■ **INSTRUCTIONS FOR THE TASK**
Without changing a word, copy every line of the listing below and leave out the images.

■ **EXTRACTED ENTRIES**
■ ■ ■
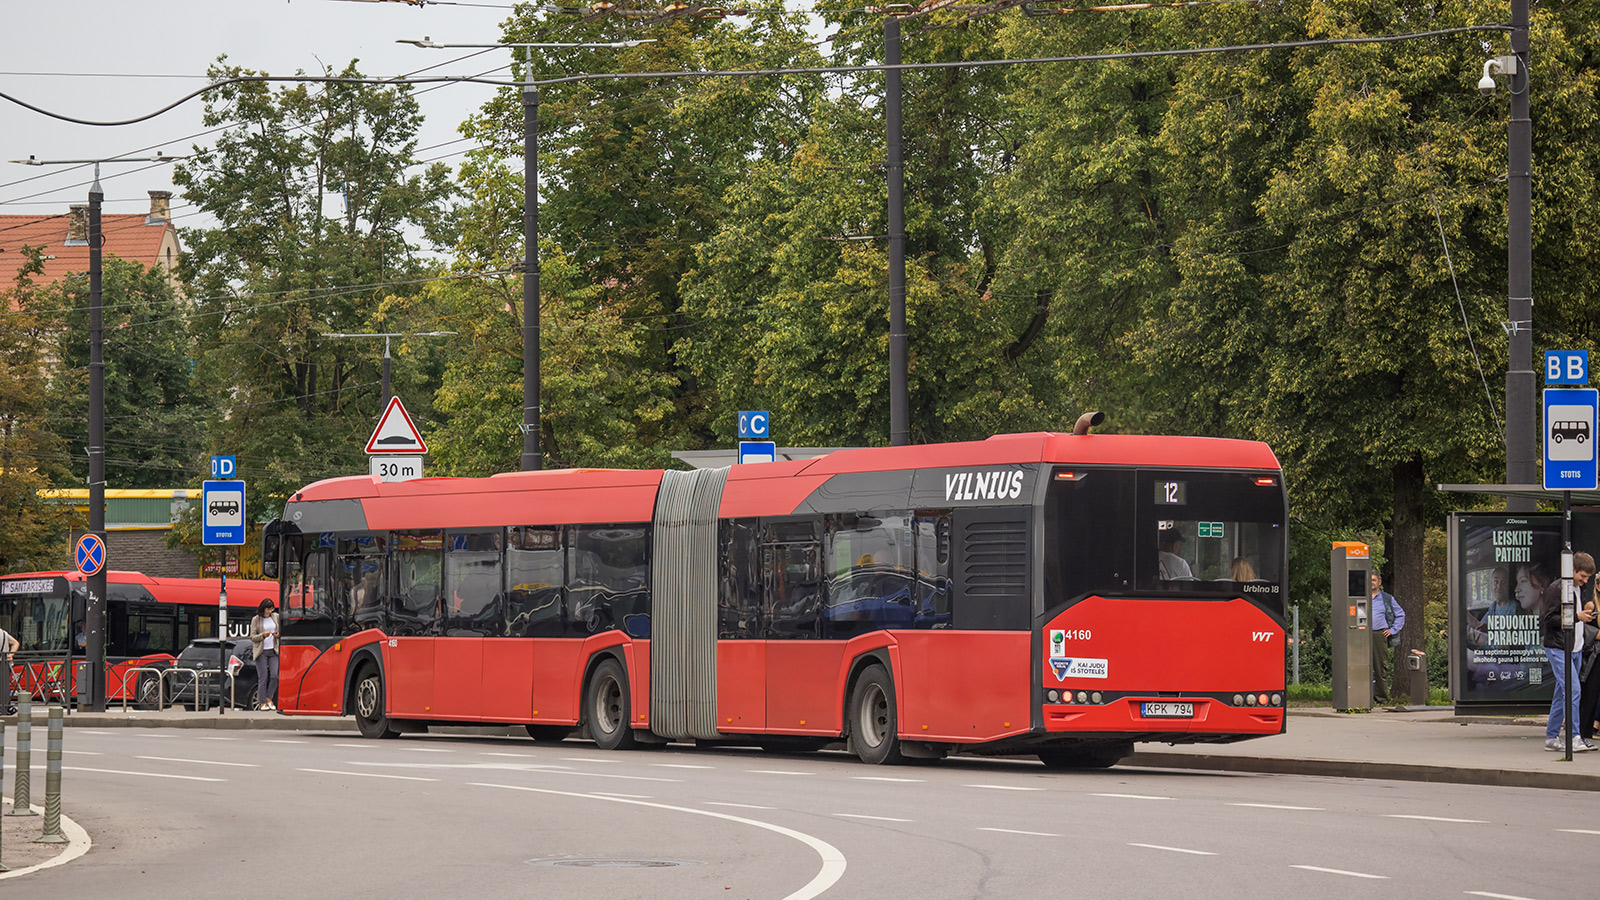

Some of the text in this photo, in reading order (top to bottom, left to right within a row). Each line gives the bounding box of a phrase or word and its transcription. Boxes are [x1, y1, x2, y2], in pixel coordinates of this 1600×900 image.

[1548, 355, 1584, 380] B B
[750, 414, 766, 434] C
[221, 459, 233, 474] D
[380, 463, 414, 477] 30 m
[1560, 470, 1581, 479] STOTIS
[945, 470, 1024, 501] VILNIUS
[1164, 482, 1178, 503] 12
[1492, 530, 1533, 546] LEISKITE
[1495, 547, 1531, 562] PATIRTI
[1243, 585, 1279, 593] Urbino 18
[1487, 614, 1540, 630] NEDUOKITE
[1066, 630, 1092, 640] 4160
[1252, 631, 1274, 642] VVT
[1487, 630, 1540, 646] PARAGAUTI
[1147, 704, 1192, 715] KPK 794
■ ■ ■
■ **EXERCISE ANSWER**
Some of the text in this photo, in reading order (top to bottom, left to right within a row). Each line gives the bounding box of a phrase or word and its transcription. Boxes are [x1, y1, x2, y2], in pixel coordinates of this 1600×900 image.

[1548, 355, 1584, 380] B B
[750, 414, 766, 434] C
[221, 459, 233, 474] D
[380, 463, 414, 477] 30 m
[1560, 470, 1581, 479] STOTIS
[945, 470, 1024, 501] VILNIUS
[1164, 482, 1178, 503] 12
[1492, 530, 1533, 546] LEISKITE
[1495, 547, 1531, 562] PATIRTI
[1243, 585, 1279, 593] Urbino 18
[1487, 614, 1540, 630] NEDUOKITE
[1066, 630, 1092, 640] 4160
[1252, 631, 1274, 642] VVT
[1487, 630, 1540, 646] PARAGAUTI
[1147, 704, 1192, 715] KPK 794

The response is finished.